= Simple non-inferential passage =

Type of nonargument

A simple non-inferential passage is a type of nonargument characterized by the lack of a claim that anything is being proved. Simple non-inferential passages include warnings, pieces of advice, statements of belief or opinion, loosely associated statements, and reports. Simple non-inferential passages are nonarguments because while the statements involved may be premises, conclusions or both, the statements do not serve to infer a conclusion or support one another. This is distinct from a logical fallacy, which indicates an error in reasoning.

== Types ==

=== Warnings ===
A warning is a type of simple non-inferential passage that serves to alert a person to any sort of potential danger. This can be as simple as a road sign indicating falling rock or a janitorial sign indicating a wet, slippery floor.

=== Piece of advice ===
A piece of advice is a type of simple non-inferential passage that recommends some future action or course of conduct. A mechanic recommending regular oil changes or a doctor recommending that a patient refrain from smoking are examples of pieces of advice.

=== Statements of belief or opinion ===

A statement of belief or opinion is a type of simple non-inferential passage containing an expression of belief or opinion lacking an inferential claim. In A concise introduction to logic, Hurley uses the following example to illustrate:

We believe that our company must develop and produce outstanding products that will perform a great service or fulfill a need for our customers. We believe that our business must be run at an adequate profit and that the services and products we offer must be better than those offered by competitors
— A concise introduction to logic, 10th edition

=== Loosely associated statements ===

A loosely associated statement is a type of simple non-inferential passage wherein statements about a general subject are juxtaposed but make no inferential claim. As a rhetorical device, loosely associated statements may be intended by the speaker to imply a claim or conclusion, but because they lack a coherent logical structure any such interpretation is subjective as loosely associated statements prove nothing and attempt no obvious conclusion. Loosely associated statements can be said to serve no obvious purpose, such as illustration or explanation.

=== Reports ===
A report is a type of simple non-inferential passage wherein the statements serve to convey knowledge.

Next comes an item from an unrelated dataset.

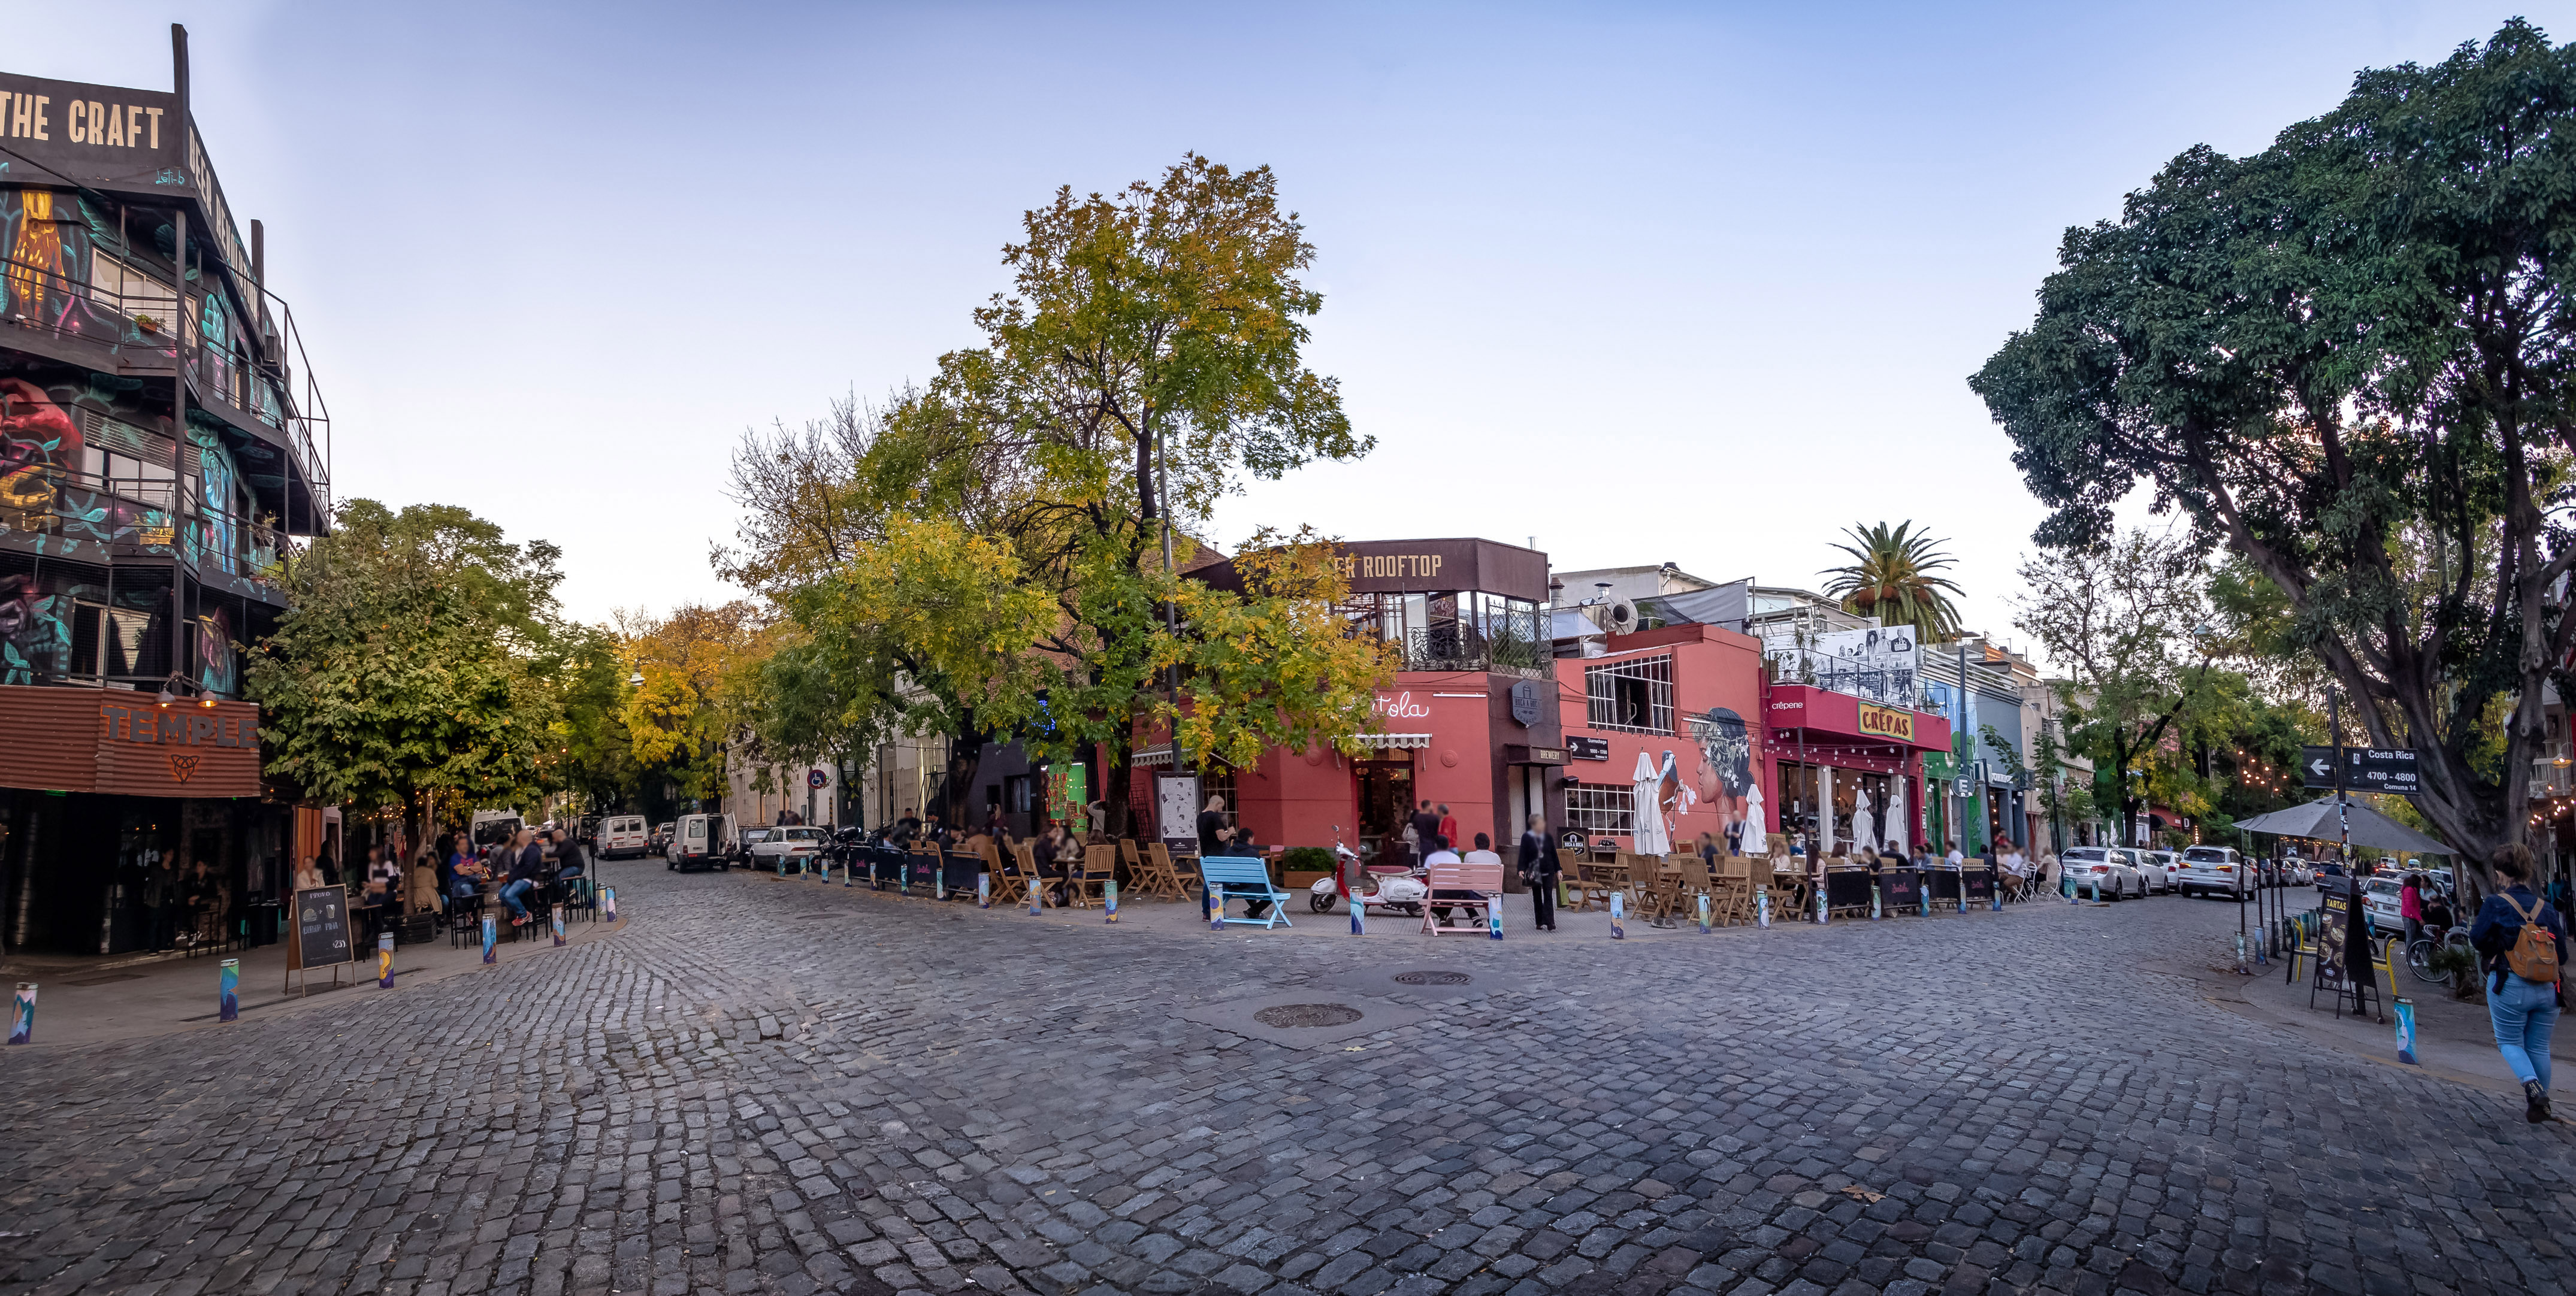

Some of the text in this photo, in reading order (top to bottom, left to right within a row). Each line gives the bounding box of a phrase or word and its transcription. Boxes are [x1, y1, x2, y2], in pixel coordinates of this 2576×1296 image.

Even though more of the world is immunized than ever before, many old diseases have proven quote resilient in the face of changing population and environmental conditions, especially in the developing world. New diseases, such as AIDS, have taken their toll in both the North and the South
— Steven L. Spiedel, World politics in a new era

The above is considered a report because it informs the reader without making any sort of claim, ethical or otherwise. However, the statements being made could be seen as a set of premises, and with the addition of a conclusion it would be considered an argument.